By Jeffrey A. Hawkins
There are probably no two topics that will cause more discussion and debate in the security industry than arming security officers and professional certifications.
Earlier this year we ran a couple of articles about arming security officers and – more than 500 comments later – the “discussion” continues to this day, some still quite heated.
A few months ago, I was at a security conference and ran into someone I had not physically seen in a year or so. During our conversation, he said: “You don’t have my updated information, here is my card” and he handed me his business card.
I looked at it, kind of chuckled and joked that he needs to add another line under his name just for all the certification initials he had listed. And I have to be honest, after 30+ years in this business, I could still not identify all of them.
Certifications are something I have thought about for a very long time and a topic I have discussed with numerous colleagues in law enforcement and security.
When I was much younger and new in law enforcement, I attended a lot of training and my “specialty” became being a Use of Force/Defense Tactics Instructor. I was “certified” in many things, such as empty hand tactics, handcuffing/restraints, OC spray, stun-gun (not to be confused with a Taser), and all types of impact weapons as they developed (i.e. straight baton, PR-24, expandable baton).
I was a “certified” instructor in each of these areas and trained many police officers and security personnel through the years.
However, reality set in early when several fellow officers on my shift were involved in an officer-involved shooting during a chase that was accidental and thankfully not fatal. The city attorney had a debriefing with us and that was the first time I heard about the extent of liability and training and “certifications.”
This attorney spoke about how when you are on the witness stand in court the opposing attorneys will study all the training you have received and then proceed to tear it apart, including any use of the word “certified.”
He explained that being “certified” is only as good as who certified you and the methods and material they used. He stated you may be good at what you have been trained and certified in, but if the person or organization who certified you was not credible, your certification doesn’t mean much, especially in a court of law.
After I left law enforcement and entered the security field, there were not that many security certifications out there. There was one that was available and everyone thought was THE security professional certification to have and I had to wonder how true it was.
But everyone told me I had to have it if I was going to be a true security professional and it was very difficult to attain; so I started to study for it. Then one day I was speaking to a colleague, who had this certification and the initials after his name. To put it mildly, he was not the sharpest guy, and when he told me he passed the test after one try, I asked him how much he had studied for it; he told me not at all.
He went on to state that it was multiple-choice test and he guessed at pretty much all the questions. His theory was he had several tries, his company was paying for him to take the test, and he figured he would give guessing a shot first. And he passed.
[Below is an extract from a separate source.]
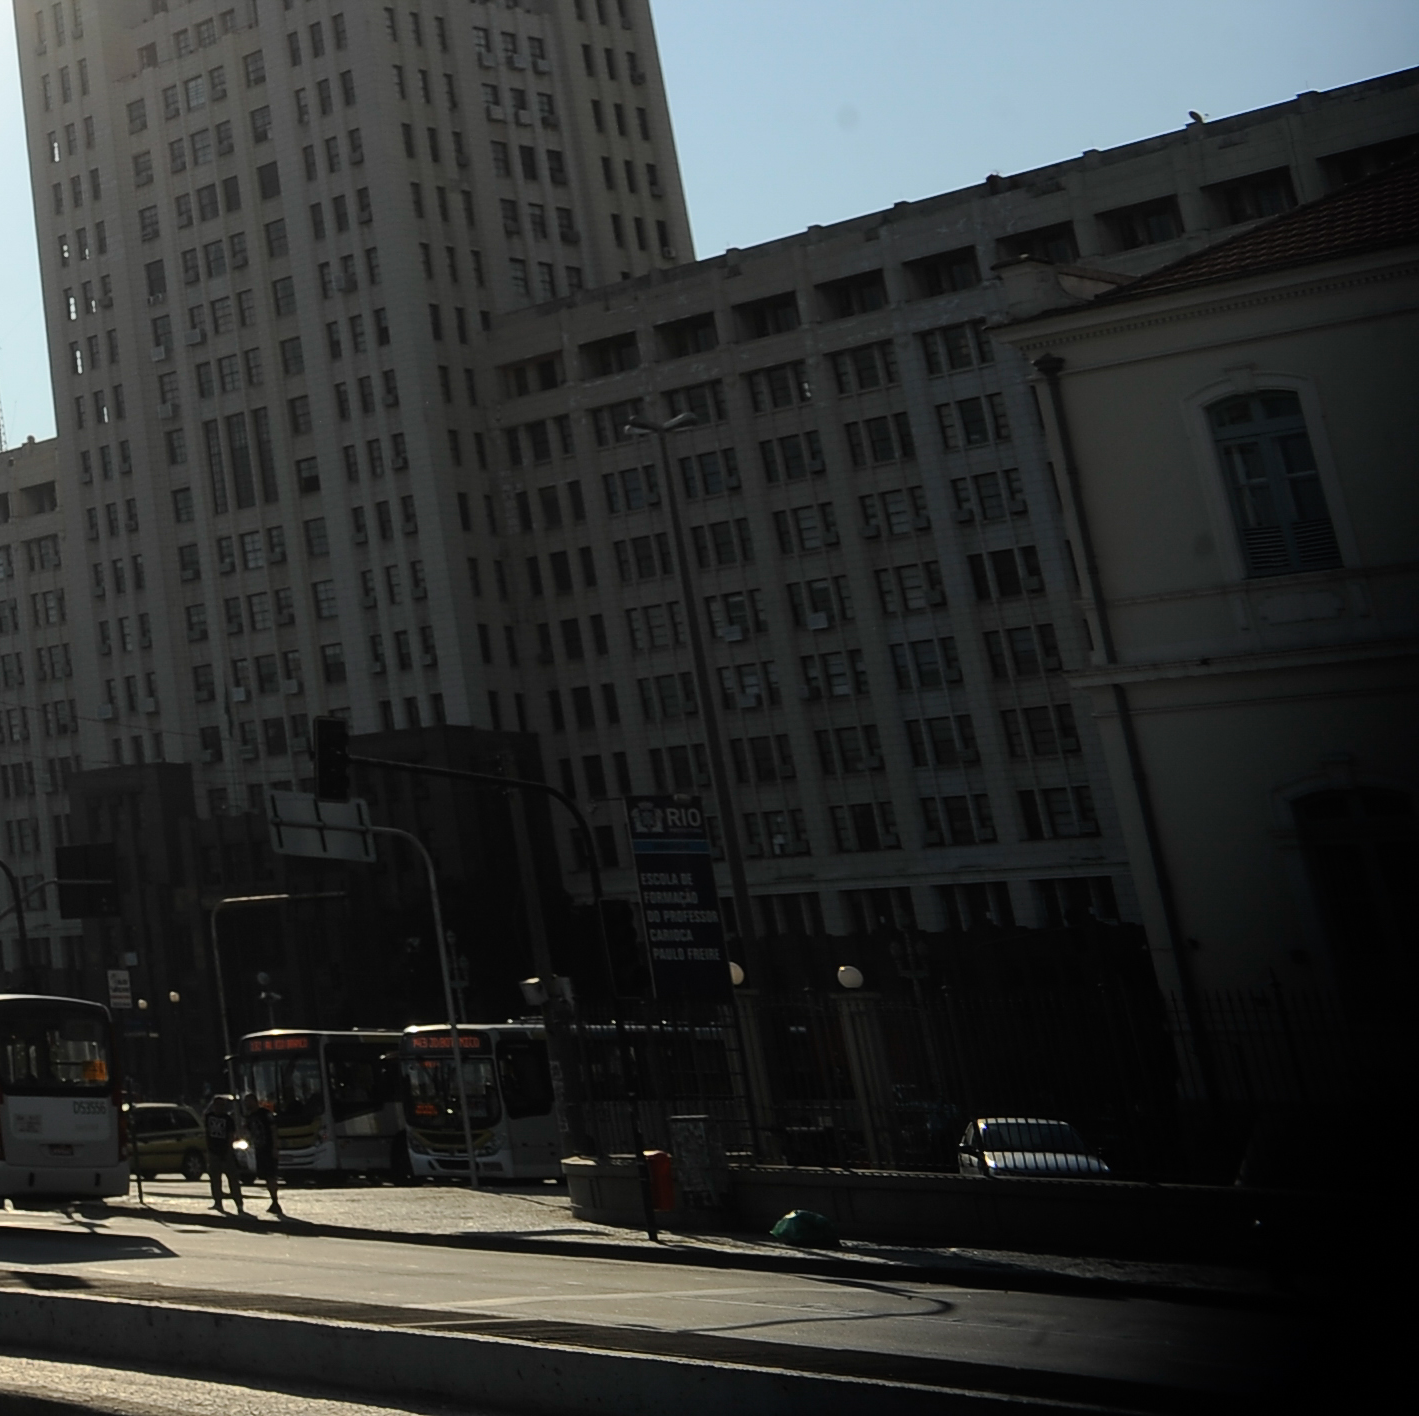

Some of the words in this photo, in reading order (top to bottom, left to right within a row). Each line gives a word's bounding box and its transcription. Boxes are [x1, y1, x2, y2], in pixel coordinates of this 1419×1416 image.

I never took the test or obtained this one certification, not only because of this incident, but because I was busy raising a family and finishing my college degrees. And I did advance in the field, despite not having this certification.
When I would go in for job interviews for security management positions, or even later when I consulted with businesses to help them develop new security management positions for their company, I would have human resources people tell me that this certification was mandatory for the position.
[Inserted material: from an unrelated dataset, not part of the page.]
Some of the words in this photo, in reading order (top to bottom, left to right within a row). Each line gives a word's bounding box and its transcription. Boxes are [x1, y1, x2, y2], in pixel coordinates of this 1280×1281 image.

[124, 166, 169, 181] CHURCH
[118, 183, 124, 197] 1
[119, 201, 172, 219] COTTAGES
When I asked them what these initials stood for and what having this certification would add to the effectiveness of this position, most didn’t know. Most would admit that the reason they required it was because they saw it on other security management job advertisements so they figured it was needed.
During the last three decades many other certifications within the security industry have emerged; some seem reputable, some not so much.
After September 11th occurred I received numerous mailings about becoming a “certified” Homeland Security Expert. The material stated because of my experience, training and education I could become certified—along with about $300.00–so I decided to pass.
Now that I’m on the academic side of the business, I view professional certifications a little differently.
American Public University System has an academic team that, on a regular basis, reviews all types of training and certifications for university credit, not just in the security field.
I believe it has been very successful for a couple reasons:
- It is an independent (and free) review of all aspects of how the certification or training is conducted. There are all types of things that have to be provided and demonstrated to the review team.
- If the training or certification is positively reviewed and becomes eligible for university credit, it gives the organization conducting the training or certification some added credibility to the certification.
Working with different companies and organizations now, I get the opportunity to see various security trainings and certifications up close and I have a better understanding of why some of them can pass academic review and some cannot.
So questions still linger in my mind regarding being “certified.”
What is the value of having certifications? Does having those initials after your name make a more professional and knowledge security practitioner? How many certifications should or can a person have?